**ASSIGNMENT**: Each record must be output exactly and in full.

[Text-to-region grounding data]
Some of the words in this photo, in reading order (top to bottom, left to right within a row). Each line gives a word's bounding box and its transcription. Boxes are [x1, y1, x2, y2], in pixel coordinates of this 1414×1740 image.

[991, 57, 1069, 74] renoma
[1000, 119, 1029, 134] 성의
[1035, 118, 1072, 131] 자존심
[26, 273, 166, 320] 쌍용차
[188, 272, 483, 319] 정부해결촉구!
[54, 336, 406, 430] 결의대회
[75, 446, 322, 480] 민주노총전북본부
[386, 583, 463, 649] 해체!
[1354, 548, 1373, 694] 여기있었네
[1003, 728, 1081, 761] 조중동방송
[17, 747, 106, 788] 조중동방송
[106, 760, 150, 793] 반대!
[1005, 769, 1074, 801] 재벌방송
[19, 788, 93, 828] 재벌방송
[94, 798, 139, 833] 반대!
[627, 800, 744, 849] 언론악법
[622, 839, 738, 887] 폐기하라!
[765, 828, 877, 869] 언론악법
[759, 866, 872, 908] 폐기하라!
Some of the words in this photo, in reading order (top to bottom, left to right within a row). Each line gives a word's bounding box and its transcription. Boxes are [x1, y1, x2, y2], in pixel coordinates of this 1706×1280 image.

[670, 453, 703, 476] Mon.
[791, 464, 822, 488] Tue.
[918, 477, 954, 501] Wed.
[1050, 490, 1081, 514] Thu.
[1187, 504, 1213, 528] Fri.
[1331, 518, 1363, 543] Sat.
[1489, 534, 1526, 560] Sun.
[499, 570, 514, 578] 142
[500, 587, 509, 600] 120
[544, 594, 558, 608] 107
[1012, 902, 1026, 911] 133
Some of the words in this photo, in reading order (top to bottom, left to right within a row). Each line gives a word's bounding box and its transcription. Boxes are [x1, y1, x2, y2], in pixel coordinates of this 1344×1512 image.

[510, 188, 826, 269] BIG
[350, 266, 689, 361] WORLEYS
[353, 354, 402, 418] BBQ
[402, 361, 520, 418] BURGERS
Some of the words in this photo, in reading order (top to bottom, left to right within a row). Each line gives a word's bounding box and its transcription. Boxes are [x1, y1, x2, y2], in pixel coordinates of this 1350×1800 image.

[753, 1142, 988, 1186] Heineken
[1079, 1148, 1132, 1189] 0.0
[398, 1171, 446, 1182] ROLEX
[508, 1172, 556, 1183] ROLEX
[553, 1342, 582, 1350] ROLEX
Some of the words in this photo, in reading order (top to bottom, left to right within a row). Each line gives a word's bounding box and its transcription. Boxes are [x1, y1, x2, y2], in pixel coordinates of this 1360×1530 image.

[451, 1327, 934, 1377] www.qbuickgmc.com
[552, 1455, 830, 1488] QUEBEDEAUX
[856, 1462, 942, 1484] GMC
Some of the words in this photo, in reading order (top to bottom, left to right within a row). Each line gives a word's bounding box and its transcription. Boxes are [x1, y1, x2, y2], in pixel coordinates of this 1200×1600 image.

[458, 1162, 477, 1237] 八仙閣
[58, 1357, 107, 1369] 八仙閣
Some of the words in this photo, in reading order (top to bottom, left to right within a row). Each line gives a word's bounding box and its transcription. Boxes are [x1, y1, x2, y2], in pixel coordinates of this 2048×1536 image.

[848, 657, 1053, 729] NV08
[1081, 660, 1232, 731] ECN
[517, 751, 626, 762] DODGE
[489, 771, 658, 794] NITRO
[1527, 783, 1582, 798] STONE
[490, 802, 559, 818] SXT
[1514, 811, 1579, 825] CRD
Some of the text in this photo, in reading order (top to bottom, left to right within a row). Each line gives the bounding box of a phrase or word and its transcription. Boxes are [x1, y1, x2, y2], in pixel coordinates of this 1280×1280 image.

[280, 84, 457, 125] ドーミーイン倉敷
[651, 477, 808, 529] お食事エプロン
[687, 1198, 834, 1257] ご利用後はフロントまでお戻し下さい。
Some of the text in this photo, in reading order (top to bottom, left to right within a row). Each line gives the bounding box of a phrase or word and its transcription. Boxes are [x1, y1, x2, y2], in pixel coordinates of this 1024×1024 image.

**WRITTEN RESPONSE**:
Some of the words in this photo, in reading order (top to bottom, left to right within a row). Each line gives a word's bounding box and its transcription. Boxes are [x1, y1, x2, y2], in pixel coordinates of this 1414×1740 image.

[991, 57, 1069, 74] renoma
[1000, 119, 1029, 134] 성의
[1035, 118, 1072, 131] 자존심
[26, 273, 166, 320] 쌍용차
[188, 272, 483, 319] 정부해결촉구!
[54, 336, 406, 430] 결의대회
[75, 446, 322, 480] 민주노총전북본부
[386, 583, 463, 649] 해체!
[1354, 548, 1373, 694] 여기있었네
[1003, 728, 1081, 761] 조중동방송
[17, 747, 106, 788] 조중동방송
[106, 760, 150, 793] 반대!
[1005, 769, 1074, 801] 재벌방송
[19, 788, 93, 828] 재벌방송
[94, 798, 139, 833] 반대!
[627, 800, 744, 849] 언론악법
[622, 839, 738, 887] 폐기하라!
[765, 828, 877, 869] 언론악법
[759, 866, 872, 908] 폐기하라!
Some of the words in this photo, in reading order (top to bottom, left to right within a row). Each line gives a word's bounding box and its transcription. Boxes are [x1, y1, x2, y2], in pixel coordinates of this 1706×1280 image.

[670, 453, 703, 476] Mon.
[791, 464, 822, 488] Tue.
[918, 477, 954, 501] Wed.
[1050, 490, 1081, 514] Thu.
[1187, 504, 1213, 528] Fri.
[1331, 518, 1363, 543] Sat.
[1489, 534, 1526, 560] Sun.
[499, 570, 514, 578] 142
[500, 587, 509, 600] 120
[544, 594, 558, 608] 107
[1012, 902, 1026, 911] 133
Some of the words in this photo, in reading order (top to bottom, left to right within a row). Each line gives a word's bounding box and its transcription. Boxes are [x1, y1, x2, y2], in pixel coordinates of this 1344×1512 image.

[510, 188, 826, 269] BIG
[350, 266, 689, 361] WORLEYS
[353, 354, 402, 418] BBQ
[402, 361, 520, 418] BURGERS
Some of the words in this photo, in reading order (top to bottom, left to right within a row). Each line gives a word's bounding box and its transcription. Boxes are [x1, y1, x2, y2], in pixel coordinates of this 1350×1800 image.

[753, 1142, 988, 1186] Heineken
[1079, 1148, 1132, 1189] 0.0
[398, 1171, 446, 1182] ROLEX
[508, 1172, 556, 1183] ROLEX
[553, 1342, 582, 1350] ROLEX
Some of the words in this photo, in reading order (top to bottom, left to right within a row). Each line gives a word's bounding box and its transcription. Boxes are [x1, y1, x2, y2], in pixel coordinates of this 1360×1530 image.

[451, 1327, 934, 1377] www.qbuickgmc.com
[552, 1455, 830, 1488] QUEBEDEAUX
[856, 1462, 942, 1484] GMC
Some of the words in this photo, in reading order (top to bottom, left to right within a row). Each line gives a word's bounding box and its transcription. Boxes are [x1, y1, x2, y2], in pixel coordinates of this 1200×1600 image.

[458, 1162, 477, 1237] 八仙閣
[58, 1357, 107, 1369] 八仙閣
Some of the words in this photo, in reading order (top to bottom, left to right within a row). Each line gives a word's bounding box and its transcription. Boxes are [x1, y1, x2, y2], in pixel coordinates of this 2048×1536 image.

[848, 657, 1053, 729] NV08
[1081, 660, 1232, 731] ECN
[517, 751, 626, 762] DODGE
[489, 771, 658, 794] NITRO
[1527, 783, 1582, 798] STONE
[490, 802, 559, 818] SXT
[1514, 811, 1579, 825] CRD
Some of the text in this photo, in reading order (top to bottom, left to right within a row). Each line gives the bounding box of a phrase or word and its transcription. Boxes are [x1, y1, x2, y2], in pixel coordinates of this 1280×1280 image.

[280, 84, 457, 125] ドーミーイン倉敷
[651, 477, 808, 529] お食事エプロン
[687, 1198, 834, 1257] ご利用後はフロントまでお戻し下さい。
Some of the text in this photo, in reading order (top to bottom, left to right within a row). Each line gives the bounding box of a phrase or word and its transcription. Boxes are [x1, y1, x2, y2], in pixel coordinates of this 1024×1024 image.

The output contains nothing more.